Exercise data:
============================================================

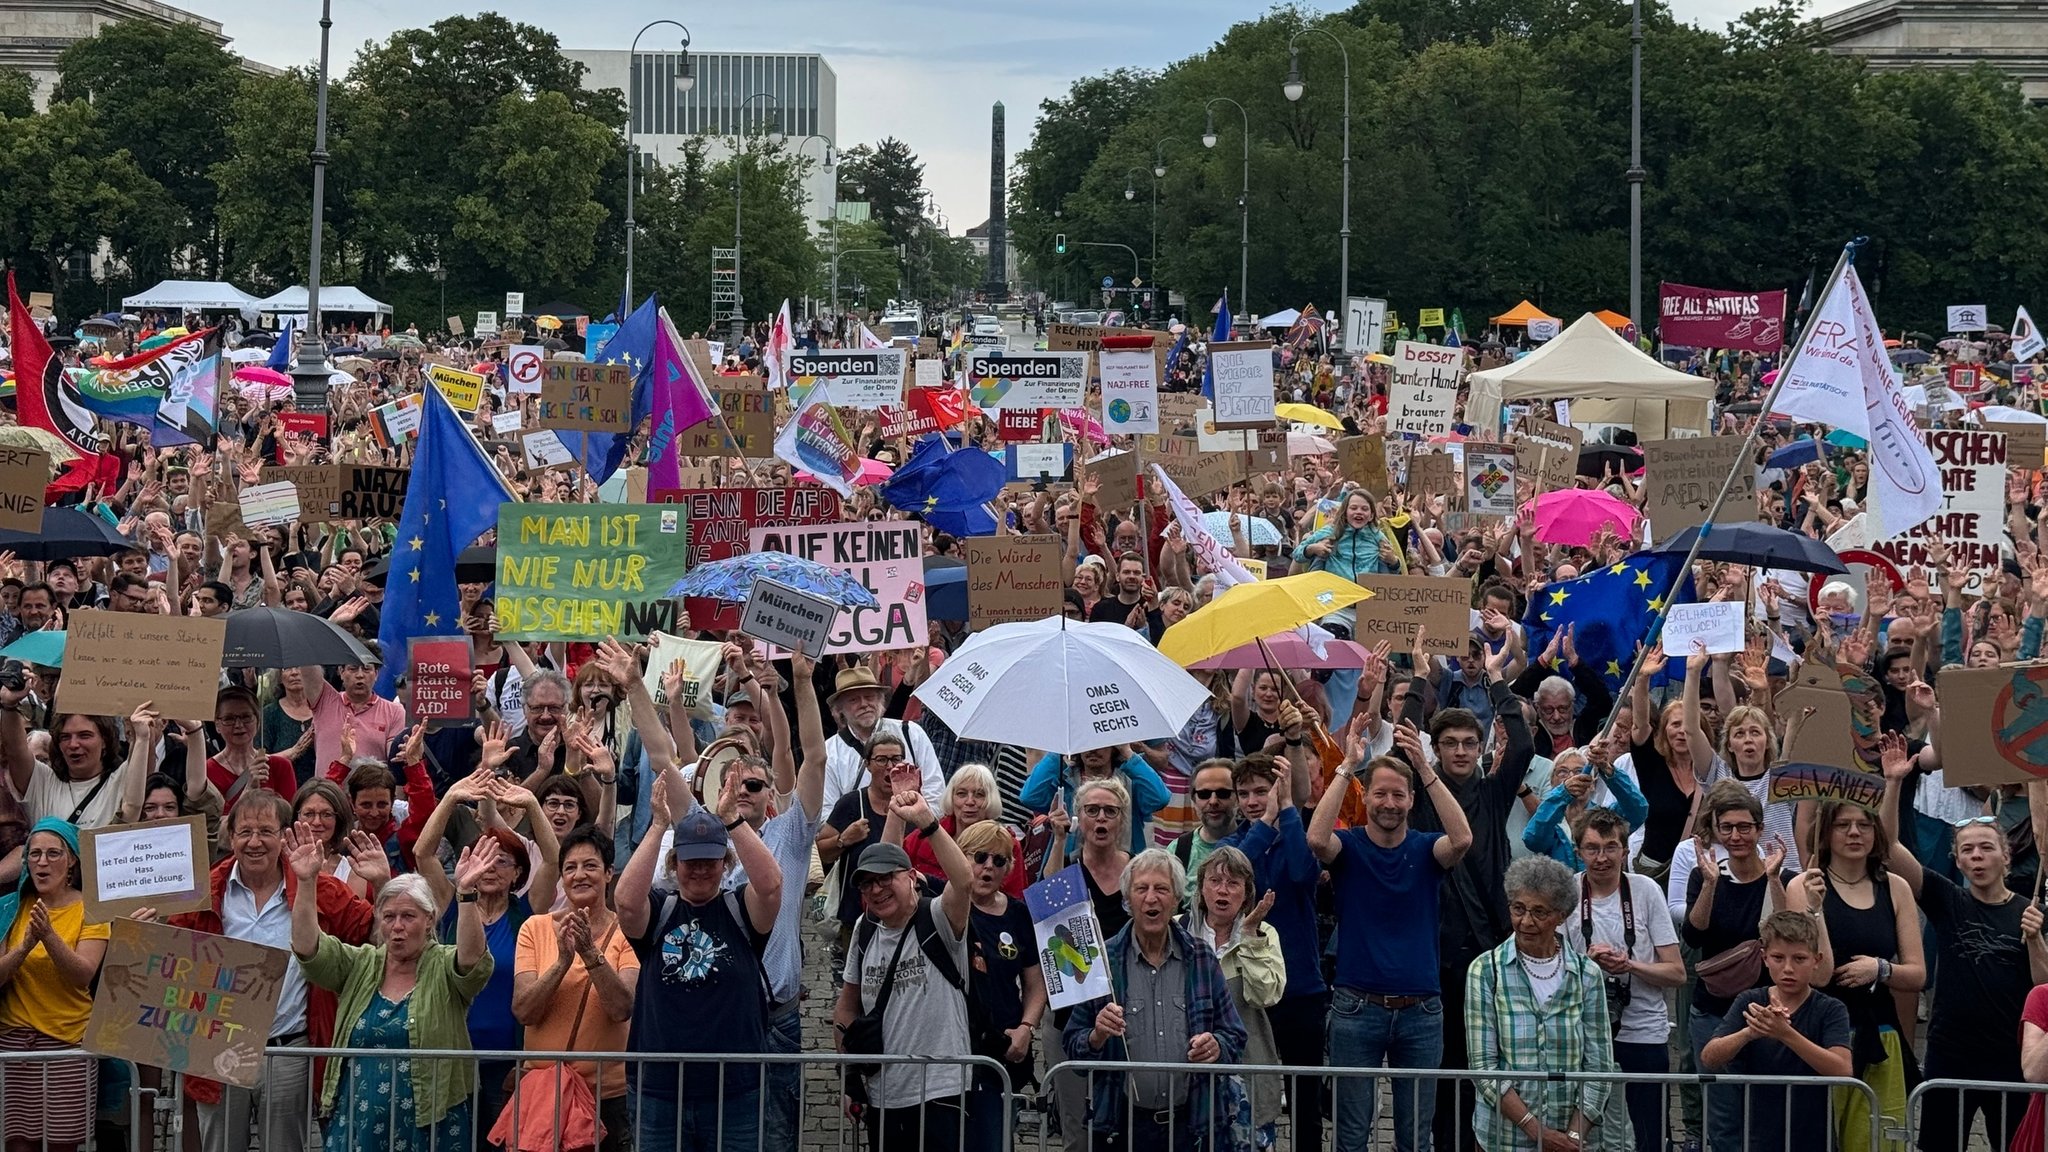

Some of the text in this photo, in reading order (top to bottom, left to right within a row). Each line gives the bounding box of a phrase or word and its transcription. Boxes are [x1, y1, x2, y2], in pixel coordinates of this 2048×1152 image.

[1681, 297, 1703, 315] ALL
[1706, 295, 1759, 315] ANTIFAS
[1216, 353, 1243, 368] NIE
[1405, 345, 1455, 364] besser
[792, 357, 875, 377] Spenden
[975, 359, 1057, 378] Spenden
[1217, 366, 1263, 380] WIEDER
[433, 372, 477, 389] München
[1038, 380, 1080, 388] Finanzierung
[1107, 380, 1149, 388] NAZI-FREE
[1220, 382, 1242, 395] IST
[446, 389, 473, 402] bunt!
[1413, 390, 1433, 402] als
[1220, 396, 1272, 417] JETZT
[1402, 404, 1446, 417] brauner
[1005, 416, 1038, 428] LIEBE
[1396, 419, 1444, 434] Haufen
[1145, 437, 1194, 452] BUNT
[1198, 452, 1226, 469] STATT
[1482, 471, 1501, 490] DEMO
[755, 489, 785, 516] DIE
[791, 490, 835, 517] AFD
[520, 514, 640, 547] MAN IST
[834, 527, 919, 563] KEINEN
[971, 548, 1042, 565] Die Würde
[502, 554, 646, 592] NIE NUR
[971, 569, 1060, 591] des Menschen
[758, 590, 824, 625] München
[971, 604, 1054, 617] ist unantastbar
[498, 597, 623, 635] BISSCHEN
[624, 600, 678, 636] NAZI
[74, 622, 116, 642] Vielfalt
[123, 630, 134, 639] ist
[139, 632, 170, 642] unsere
[755, 610, 776, 627] ist
[776, 619, 816, 643] bunt!
[1367, 619, 1418, 634] RECHTE
[1406, 637, 1459, 649] MNSCHEN
[138, 657, 160, 666] nicht
[188, 658, 206, 669] Hass
[417, 662, 450, 674] Rote
[967, 662, 988, 681] OMAS
[70, 677, 86, 686] und
[416, 676, 458, 686] Karte
[952, 673, 976, 695] GEGEN
[416, 687, 463, 700] für die
[937, 685, 963, 710] RECHTS
[1086, 683, 1120, 699] OMAS
[416, 701, 448, 714] AfD!
[1089, 699, 1130, 716] GEGEN
[1093, 715, 1139, 734] RECHTS
[1773, 769, 1885, 809] Geh WÄHLEN
[133, 842, 153, 851] Hass
[102, 851, 187, 867] ist Teil des Problems.
[135, 865, 154, 874] Hass
[106, 873, 186, 889] ist nicht die Lösung.
[147, 952, 248, 995] FÜR EINE
[895, 967, 925, 980] KONG
[1047, 950, 1064, 993] Demokratie
[163, 987, 234, 1018] BUNTE
[137, 1004, 243, 1043] ZUKUNFT

============================================================

Exercise brief: When you write out the material, keep every line exact and leave out each picture.

Response to this task:
Some of the text in this photo, in reading order (top to bottom, left to right within a row). Each line gives the bounding box of a phrase or word and its transcription. Boxes are [x1, y1, x2, y2], in pixel coordinates of this 2048×1152 image.

[1681, 297, 1703, 315] ALL
[1706, 295, 1759, 315] ANTIFAS
[1216, 353, 1243, 368] NIE
[1405, 345, 1455, 364] besser
[792, 357, 875, 377] Spenden
[975, 359, 1057, 378] Spenden
[1217, 366, 1263, 380] WIEDER
[433, 372, 477, 389] München
[1038, 380, 1080, 388] Finanzierung
[1107, 380, 1149, 388] NAZI-FREE
[1220, 382, 1242, 395] IST
[446, 389, 473, 402] bunt!
[1413, 390, 1433, 402] als
[1220, 396, 1272, 417] JETZT
[1402, 404, 1446, 417] brauner
[1005, 416, 1038, 428] LIEBE
[1396, 419, 1444, 434] Haufen
[1145, 437, 1194, 452] BUNT
[1198, 452, 1226, 469] STATT
[1482, 471, 1501, 490] DEMO
[755, 489, 785, 516] DIE
[791, 490, 835, 517] AFD
[520, 514, 640, 547] MAN IST
[834, 527, 919, 563] KEINEN
[971, 548, 1042, 565] Die Würde
[502, 554, 646, 592] NIE NUR
[971, 569, 1060, 591] des Menschen
[758, 590, 824, 625] München
[971, 604, 1054, 617] ist unantastbar
[498, 597, 623, 635] BISSCHEN
[624, 600, 678, 636] NAZI
[74, 622, 116, 642] Vielfalt
[123, 630, 134, 639] ist
[139, 632, 170, 642] unsere
[755, 610, 776, 627] ist
[776, 619, 816, 643] bunt!
[1367, 619, 1418, 634] RECHTE
[1406, 637, 1459, 649] MNSCHEN
[138, 657, 160, 666] nicht
[188, 658, 206, 669] Hass
[417, 662, 450, 674] Rote
[967, 662, 988, 681] OMAS
[70, 677, 86, 686] und
[416, 676, 458, 686] Karte
[952, 673, 976, 695] GEGEN
[416, 687, 463, 700] für die
[937, 685, 963, 710] RECHTS
[1086, 683, 1120, 699] OMAS
[416, 701, 448, 714] AfD!
[1089, 699, 1130, 716] GEGEN
[1093, 715, 1139, 734] RECHTS
[1773, 769, 1885, 809] Geh WÄHLEN
[133, 842, 153, 851] Hass
[102, 851, 187, 867] ist Teil des Problems.
[135, 865, 154, 874] Hass
[106, 873, 186, 889] ist nicht die Lösung.
[147, 952, 248, 995] FÜR EINE
[895, 967, 925, 980] KONG
[1047, 950, 1064, 993] Demokratie
[163, 987, 234, 1018] BUNTE
[137, 1004, 243, 1043] ZUKUNFT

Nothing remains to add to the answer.